Richard jerked his arm free and ran.
He felt the flare of heat on his back.
He chose streets by instinct, turned corners by hunch. Soon fatigue began to nag at his thighs. Respite had to be close. It would be easy to give up now, but he knew he had to survive. He desperately wanted to live... to have another chance.
And, more than anything, he missed Jill.
He recognised Doctor Philby’s house immediately — a half-timbered, two-storey building, set back from the street in a garden of mature oaks. In the days of the Church this had been a vicarage. Beautiful and secure. With difficulty he managed to pick out the guard in the tree-house — the glaring sky made ghosts of the branches.
Richard crunched up the gravel path and hammered on the door. Only moments later, the door opened and a man wearing a tennis shirt and shorts appeared. “Ah... I’ve been expecting you.” He checked his watch.
“I’m sorry to involve you, Doctor....” Richard tried to slow his harsh breathing. “But I need your help. Some people are looking for me.”
“Come in right away.”
Richard followed him through to the huge hallway. Dim, fuzzy, but familiar: the portrait of Lady Philby, the subdued lighting, the antler coat stand. He could almost hear the noise of that party, the laughter, the thudding music, almost smell the smoked salmon. He could not, however, recall the reason for that celebration. Some memories, he had found, returned vivid and fresh, while others... well, others were just not there.
“You’re the second visitor I’ve had this morning,” the Doctor said. “In fact, he’s still here.”
“Oh, then I... I can’t stay.”
“Don’t worry. This is a friend. You can trust him. He’s completely harmless.”
Richard had no choices left, nowhere else to go. And, besides, weariness had won. He’d been running too long.
Doctor Philby opened the door to the lounge and directed his guest inside. Richard winced in the glare from the window. A man sat on the white sofa, his back to the doorway.
“Sit down and try to relax. Introduce yourself. You’ll have to excuse me — I’ve just had a consignment arrive. It’s time to close the deal.” Doctor Philby hurried out and slammed the door behind him.
Richard squinted around the room: the walls lined with medical books, the globe which doubled as a drinks cabinet, the glow of the fake coal fire — all so familiar and reassuring. Then he walked around the sofa, onto the white rug, and slumped into an armchair. He examined his own yellow hands, fearing that if he looked up, that man sitting opposite would be smiling at him, would start laughing at him... would turn out to be from the Cartel.
Then the man whispered in a voice as pained as the lament of an abandoned child, “More than anything... I miss Jill.”
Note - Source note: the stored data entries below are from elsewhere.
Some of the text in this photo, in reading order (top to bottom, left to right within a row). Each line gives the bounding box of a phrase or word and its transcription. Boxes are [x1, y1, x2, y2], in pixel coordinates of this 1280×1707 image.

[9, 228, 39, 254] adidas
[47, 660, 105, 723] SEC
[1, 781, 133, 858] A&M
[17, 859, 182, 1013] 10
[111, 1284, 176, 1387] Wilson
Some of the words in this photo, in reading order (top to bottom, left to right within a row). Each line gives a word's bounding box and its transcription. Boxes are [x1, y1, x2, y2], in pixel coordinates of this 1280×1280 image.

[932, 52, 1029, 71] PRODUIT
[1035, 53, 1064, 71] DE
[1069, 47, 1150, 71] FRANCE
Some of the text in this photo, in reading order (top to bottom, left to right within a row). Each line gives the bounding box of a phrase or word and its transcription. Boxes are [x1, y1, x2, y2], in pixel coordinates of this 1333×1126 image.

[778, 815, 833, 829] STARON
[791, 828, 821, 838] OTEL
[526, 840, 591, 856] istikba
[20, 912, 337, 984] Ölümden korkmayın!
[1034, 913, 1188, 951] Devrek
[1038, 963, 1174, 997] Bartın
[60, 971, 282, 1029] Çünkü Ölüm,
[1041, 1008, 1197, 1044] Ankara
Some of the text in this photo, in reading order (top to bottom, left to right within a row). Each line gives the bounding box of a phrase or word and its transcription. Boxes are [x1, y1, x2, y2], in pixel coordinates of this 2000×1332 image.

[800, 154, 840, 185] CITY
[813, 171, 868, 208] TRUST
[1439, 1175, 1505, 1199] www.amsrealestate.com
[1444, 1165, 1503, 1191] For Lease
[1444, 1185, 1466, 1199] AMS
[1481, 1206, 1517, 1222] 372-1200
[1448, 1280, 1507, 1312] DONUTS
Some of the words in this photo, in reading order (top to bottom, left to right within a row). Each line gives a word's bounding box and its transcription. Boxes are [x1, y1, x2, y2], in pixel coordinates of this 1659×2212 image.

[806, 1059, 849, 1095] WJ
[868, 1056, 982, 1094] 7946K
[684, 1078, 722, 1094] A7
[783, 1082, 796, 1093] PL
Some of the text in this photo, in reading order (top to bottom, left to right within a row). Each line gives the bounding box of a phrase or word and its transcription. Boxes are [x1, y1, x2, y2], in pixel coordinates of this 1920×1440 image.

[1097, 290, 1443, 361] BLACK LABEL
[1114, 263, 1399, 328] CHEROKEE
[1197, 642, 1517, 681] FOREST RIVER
Richard lifted his gaze. His fingertips dug deep into the arms of the chair — he glared at the man’s bald scalp, his pale blue suit, his yellow, phosphorescent skin....
The man gazed sullenly at Richard, then tugged at the upholstery of the sofa. The material lifted in his hand. Richard saw that the white sofa had been an illusion. Dust sheets lay over the suite and over the floor.
“Dust to dust,” said the man. “Whether any of us are flesh or dust is only a matter of time.”
Richard lurched forward, preparing to run for the door, but already he knew there was no point. His companion had told him so.
Below the knee, the man’s trousers hung limp and empty.
His shoes were buried in two mounds of priceless yellow dust.